On March 22, 2021, the Port of Rijeka Authority announced a new tender for a concession for the Zagreb Deep Sea with a container terminal estimated at HRK 20.5 billion. The competition was slightly modified from the last, but without restrictions for Chinese companies.

On May 10, 2021, a consortium consisting of APM Terminals, a subsidiary of the largest container shipping company Maersk and Enna Logic, a Croatian logistics company operating within the PPD Group, applied for a repeated tender for the Zagreb pier. APM Terminals and Enna Logic offered a turnover of one million TEUs in the first two years of operation of the terminal and a turnover of at least 500 thousand TEUs, in each of the next at least eight years of operation. On June 25, 2021, the Managing Board of the Port of Rijeka Authority has made a decision on the award of the concession to APM Terminals BV and Enna Logic d.o.o.

The new tender also included a concession for a period of 50 years, with the obligation of the concessionaire to build the second phase of the terminal within ten years at the latest. In addition to the construction of an additional 280 meters of shoreline, the concessionaire has the obligation to fully equip the terminal, from infrastructure such as water supply, drainage, electricity and telecommunications, through buildings and operating areas, to coastal container bridges and cranes and all other equipment needed for the terminal. That the terminal should be operational within about two and a half years from the signing of the concession agreement. This deadline coincides with the deadline for the completion of works on the access road D403, which is, by the way, an integral part of the project of the new container terminal and without which the Zagreb coast cannot obtain a use permit.

On November 5, 2021, a concession agreement was signed for the Zagreb Deep Sea container terminal between Denis Vukorepa, director of the Port Authority of Rijeka, and representatives of the concessionaire, Morten Engelstoft, CEO of APM Terminals and Pavao Vujnovac, president of Energija Naturalis Group.
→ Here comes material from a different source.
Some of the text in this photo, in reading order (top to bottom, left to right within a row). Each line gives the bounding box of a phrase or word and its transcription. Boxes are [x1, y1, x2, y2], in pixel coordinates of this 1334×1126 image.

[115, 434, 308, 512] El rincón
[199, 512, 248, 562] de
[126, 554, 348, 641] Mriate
The signing was attended by Prime Minister Andrej Plenković, Oleg Butković, Minister of the Sea, Transport and Infrastructure, the Mayor of Rijeka Marko Filipović, the Deputy Prefect of Primorje-Gorski Kotar County Vojko Braut, Danish Ambassador to Croatia Ole Henrik Frijs-Madsen and representatives of numerous companies and institutions.
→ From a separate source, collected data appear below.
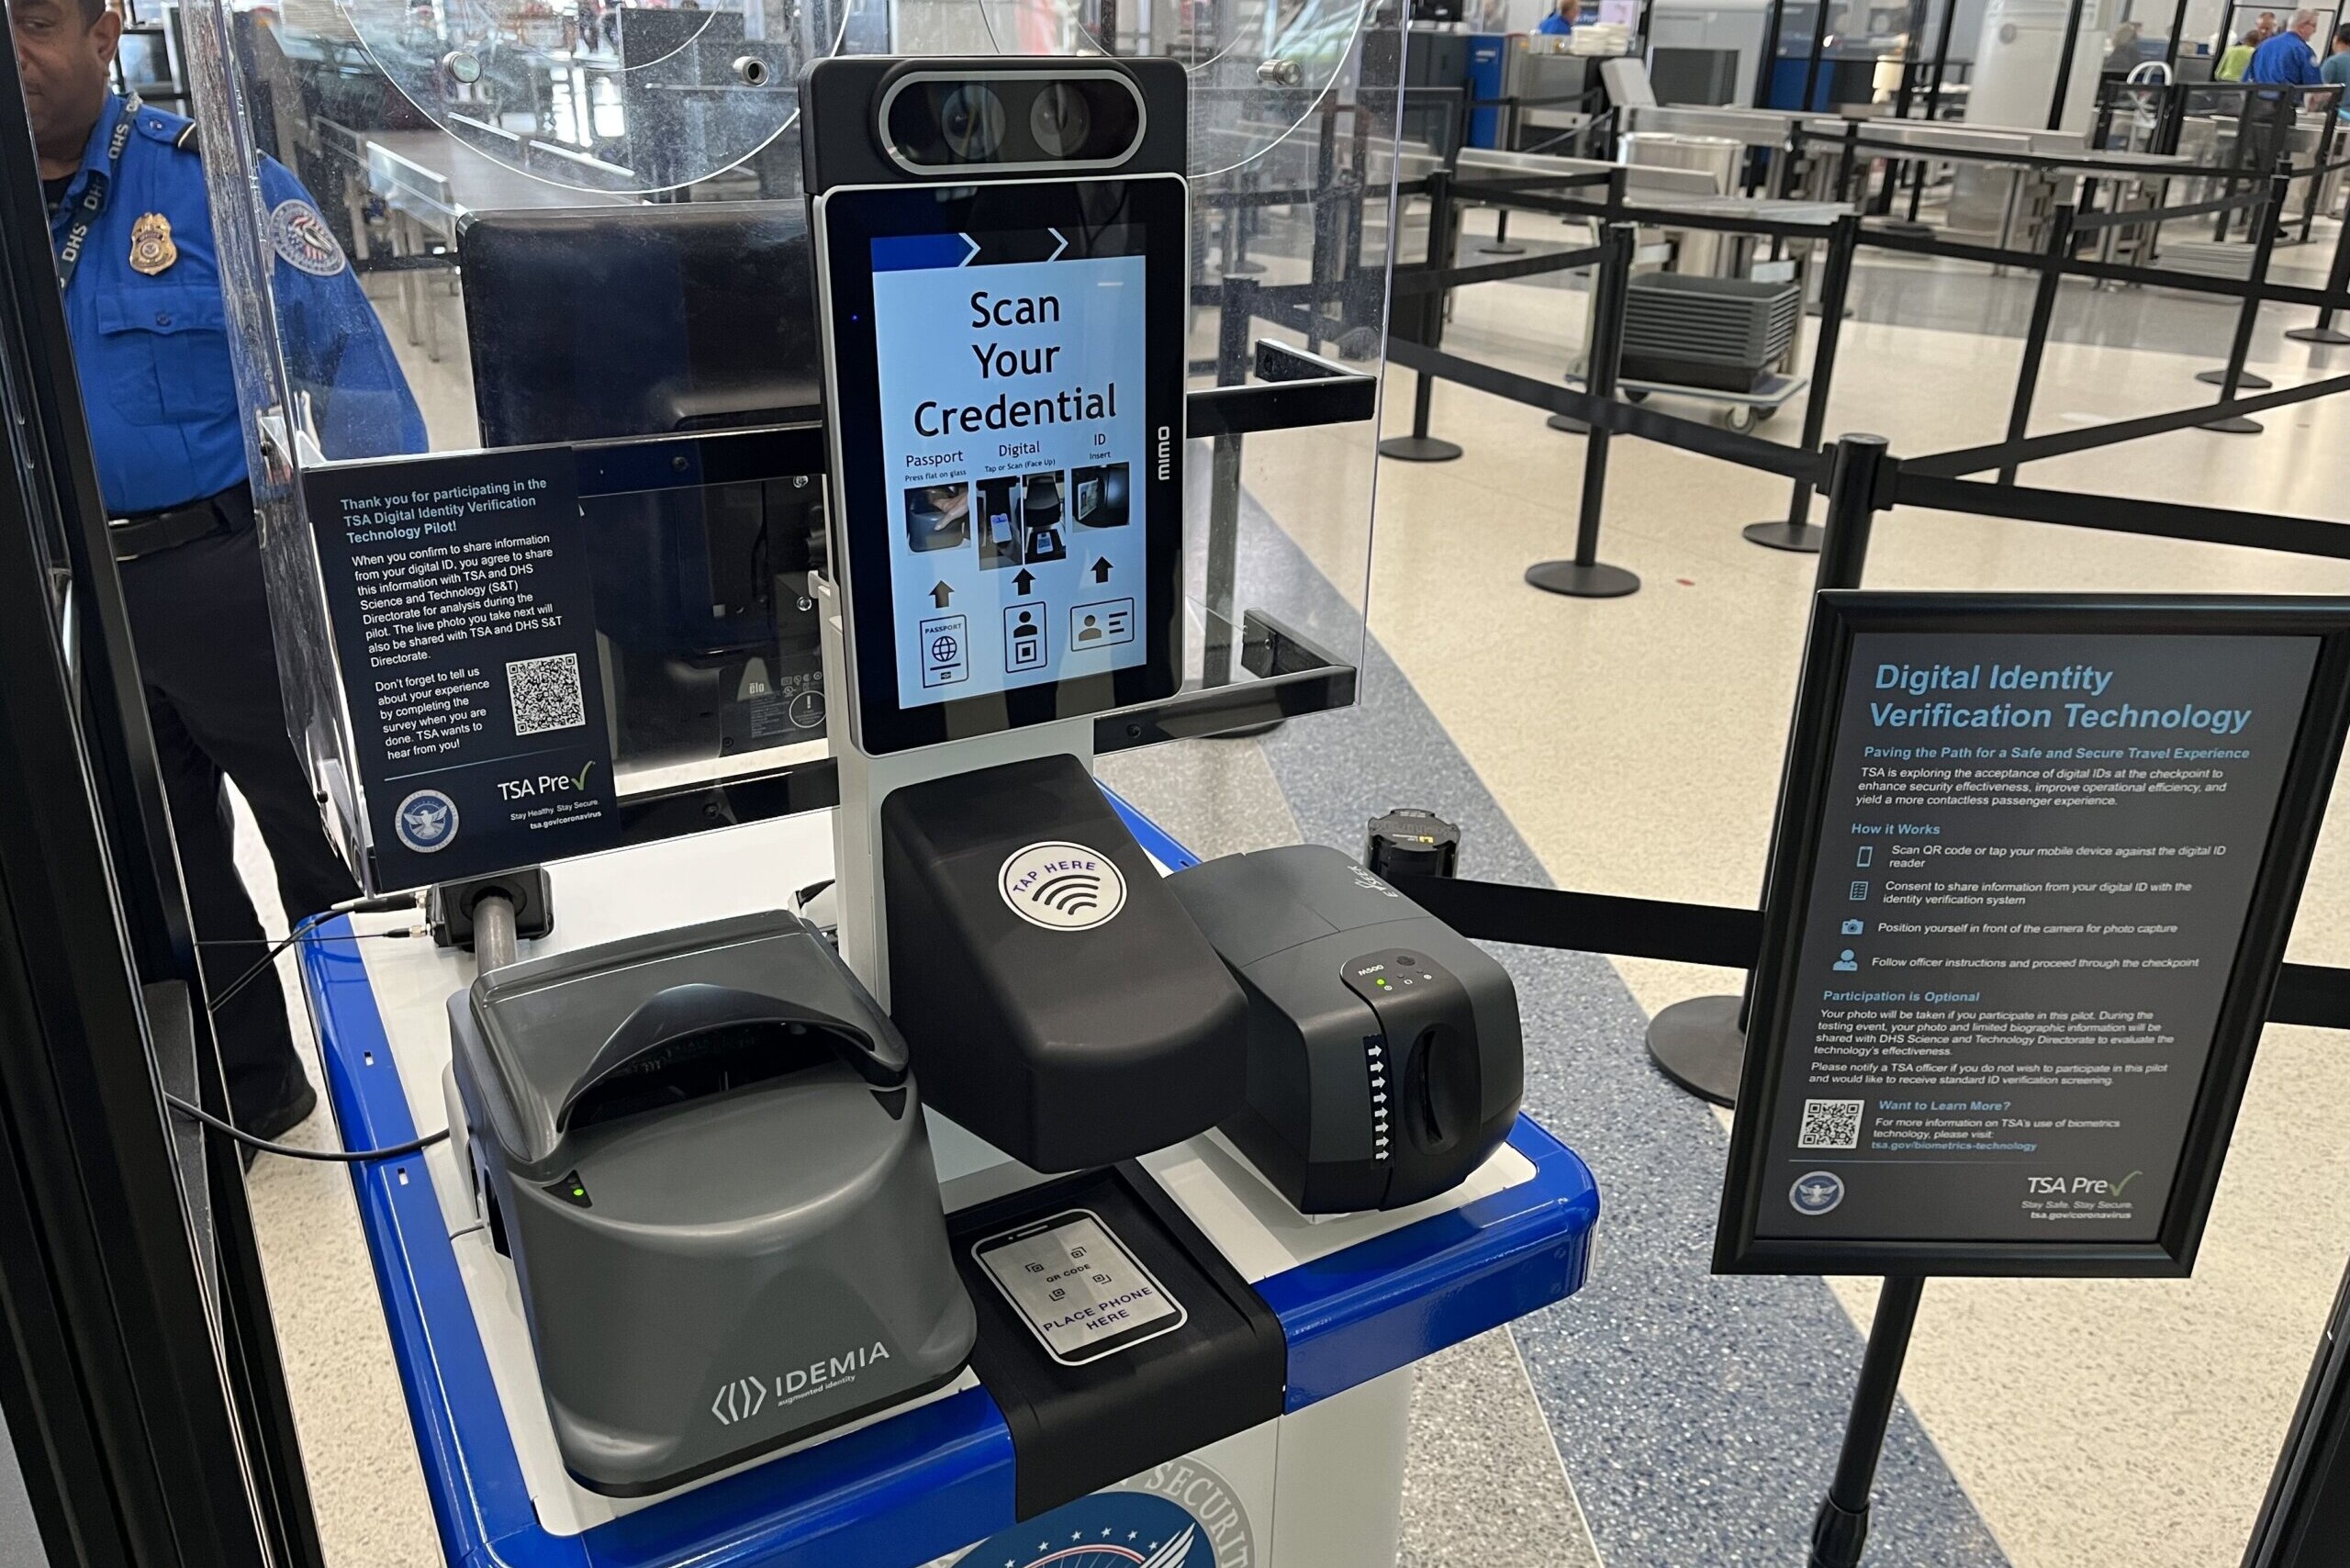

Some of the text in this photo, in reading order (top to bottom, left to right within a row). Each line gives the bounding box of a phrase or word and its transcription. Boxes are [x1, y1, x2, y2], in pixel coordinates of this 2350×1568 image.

[108, 123, 129, 159] DHS
[62, 225, 87, 263] DHS
[970, 291, 1059, 328] Scan
[971, 342, 1060, 378] Your
[914, 382, 1116, 437] Credential
[999, 441, 1040, 458] Digital
[1093, 433, 1106, 446] ID
[906, 450, 964, 468] Passport
[1089, 451, 1111, 460] Insert
[1158, 426, 1169, 480] mimo
[925, 472, 938, 480] flat
[951, 469, 967, 478] glass
[984, 465, 996, 474] Tap
[1025, 461, 1042, 469] (Face
[1043, 459, 1056, 468] Up)
[341, 478, 547, 510] Thank you for participating in the
[343, 497, 536, 527] TSA Digital Identity Verification
[346, 520, 457, 543] Technology Pilot!
[352, 535, 550, 566] When you confirm to share information
[354, 549, 553, 581] from your digital ID, you agree to share
[357, 564, 534, 596] this information with TSA and DHS
[360, 580, 519, 610] Science and Technology (S&T)
[363, 593, 533, 625] Directorate for analysis during the
[925, 623, 961, 633] PASSPORT
[371, 651, 431, 667] Directorate.
[405, 674, 436, 688] forget
[437, 673, 448, 682] to
[450, 668, 465, 680] tell
[467, 668, 480, 678] us
[1875, 665, 2113, 696] Digital Identity
[378, 680, 490, 706] about your experience
[1871, 702, 2252, 734] Verification Technology
[1864, 746, 2250, 761] Paving the Path for a Safe and Secure Travel Experience
[1862, 767, 2223, 780] TSA is exploring the acceptance of digital IDs at the checkpoint to
[498, 778, 535, 801] TSA
[1852, 823, 1941, 834] How it Works
[1892, 845, 2226, 857] Scan QR code or tap your mobile device against the digital ID
[1889, 858, 1926, 868] reader
[1013, 860, 1096, 893] TAP HERE
[1883, 894, 2026, 906] identity verification system
[1358, 964, 1384, 976] M500
[1823, 991, 1980, 1004] Participation is Optional
[1882, 1047, 1954, 1056] effectiveness.
[1879, 1101, 2011, 1111] Want to Learn More?
[2028, 1177, 2066, 1193] TSA
[1046, 1263, 1092, 1283] QR CODE
[1043, 1286, 1153, 1332] PLACE PHONE
[1086, 1309, 1130, 1330] HERE
[776, 1341, 890, 1397] IDEMIA
[778, 1374, 856, 1407] augmented identity
Rijeka Gateway started operations on September 10, 2025, with the mooring of the first commercial ship, Al Jasrah owned by Hapag-Lloyd, a shipping company member of the Gemini Cooperation together with Maersk Line.
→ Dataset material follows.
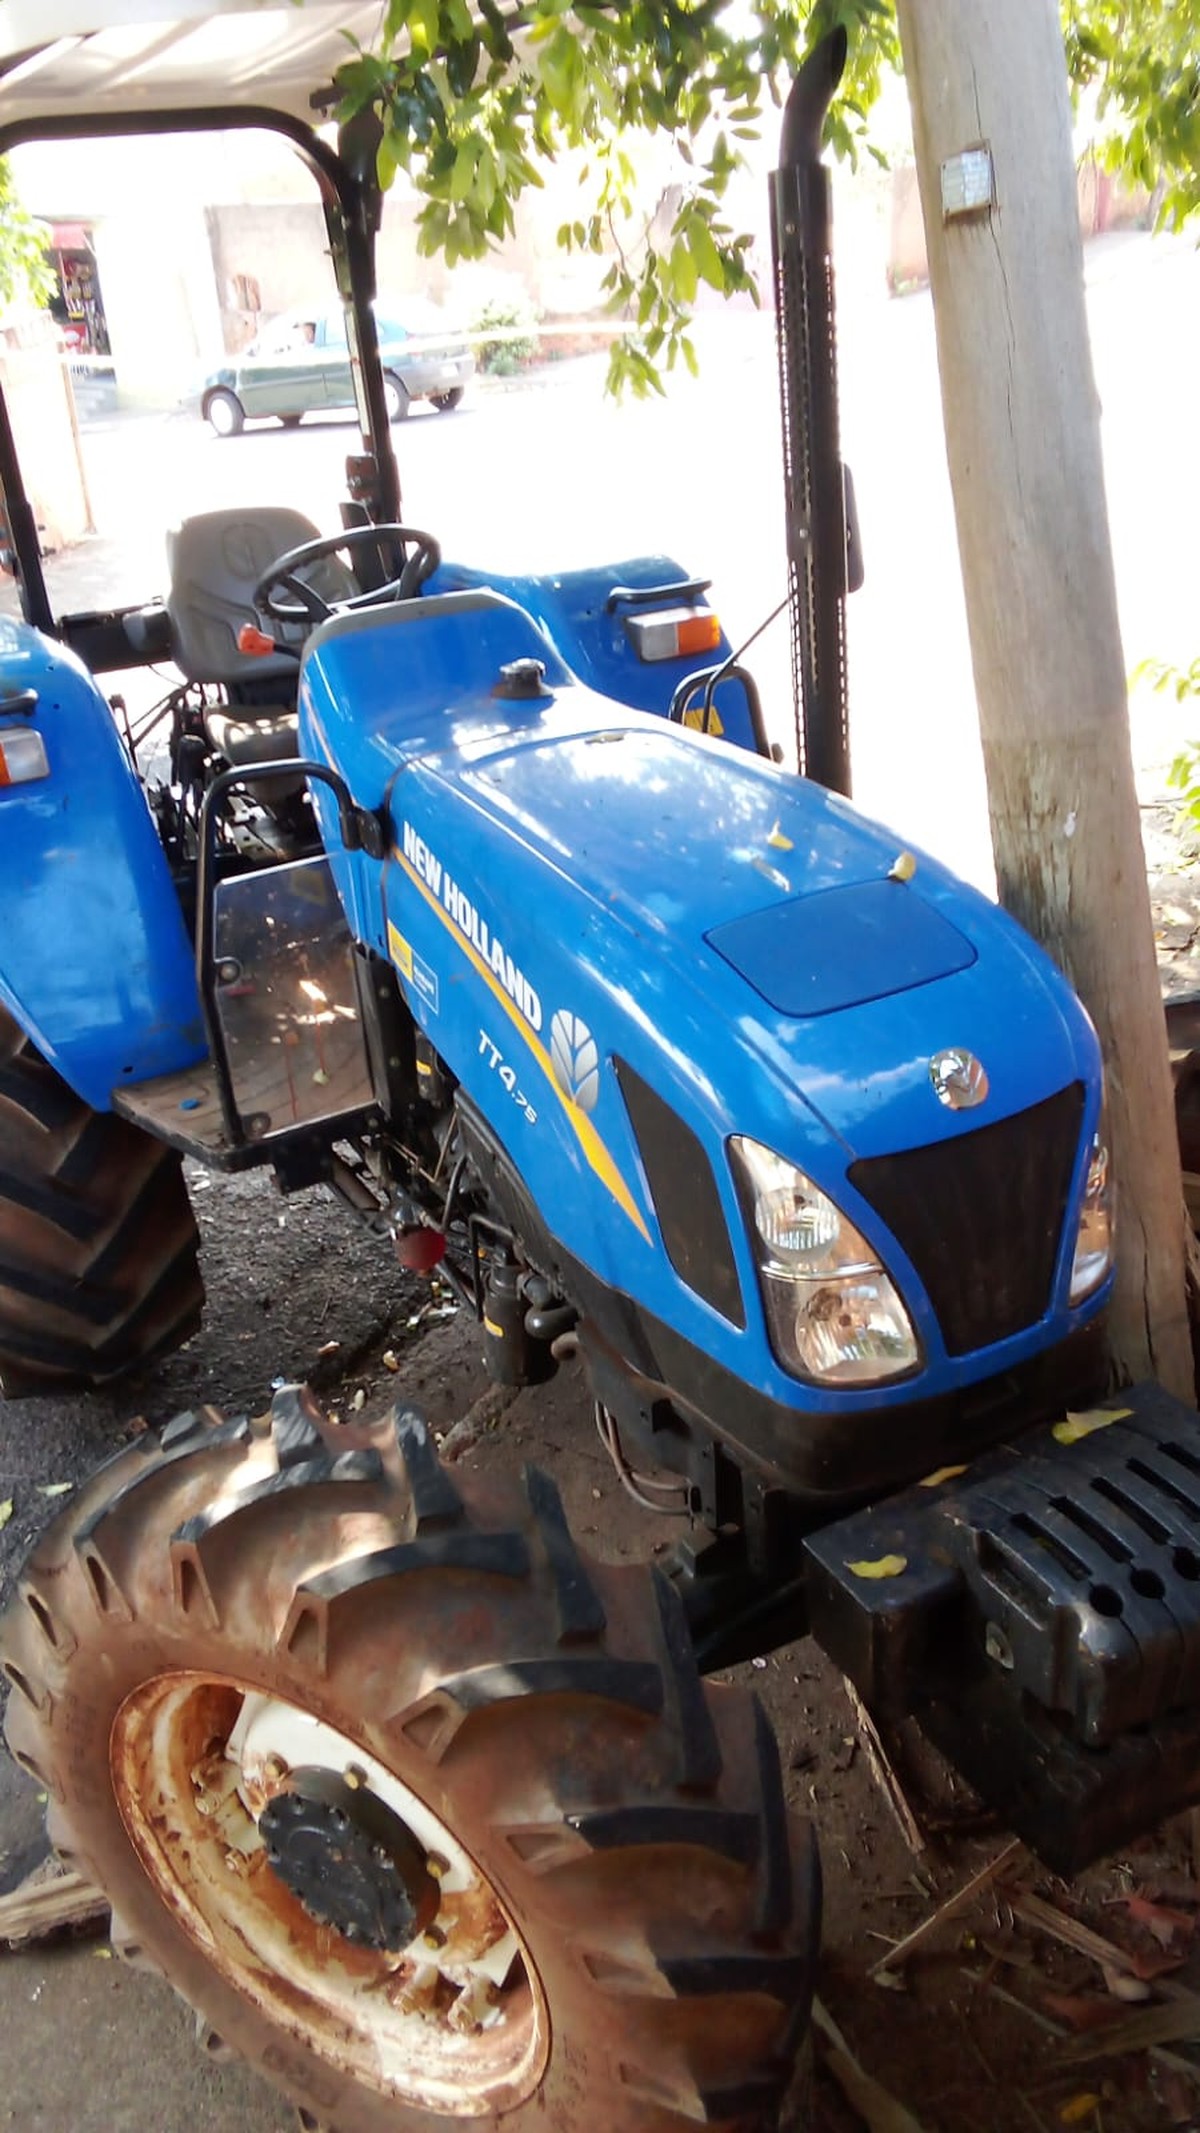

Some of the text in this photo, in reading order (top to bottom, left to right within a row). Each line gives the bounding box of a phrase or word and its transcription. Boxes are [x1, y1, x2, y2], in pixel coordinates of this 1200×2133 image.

== Technical characteristics ==
The new facility will develop in two phases, with phase 1 operational since September 2025 and second to be built within ten years from the start of operation (Figures in brackets show phase 2):

- Annual capacity: 600,000 TEU (1,055,000 TEU)
- Max vessel size: 24,000 TEU
- Berth length: 400 m (680 m)
- Ship-to-Shore Cranes: 4 (largest currently available)
- Terminal Tractor (TT): 28
- Rubber Tyre Gantry (RTG): 15
- Rail Mounted Gantry (RMG) 2
- Reach stackers: 2
- Empty handlers: 2

== Concession requirements ==
APM Terminals and Enna Logic have committed to pay a fixed concession fee of €2 million per year and a variable depending on revenue:

- 6% of the terminal's gross revenue, if the revenue is up to 20 million euros
- 5% of the terminal's gross revenue, if the revenue is between 20 and 40 million euros
- 4% of the terminal's gross revenue, if the revenue is more than 40 million euros

The concessionaires also offered a turnover of one million TEUs in the first two years of operation of the terminal and a turnover of at least 500 thousand TEUs, in each of the next at least eight years of operation.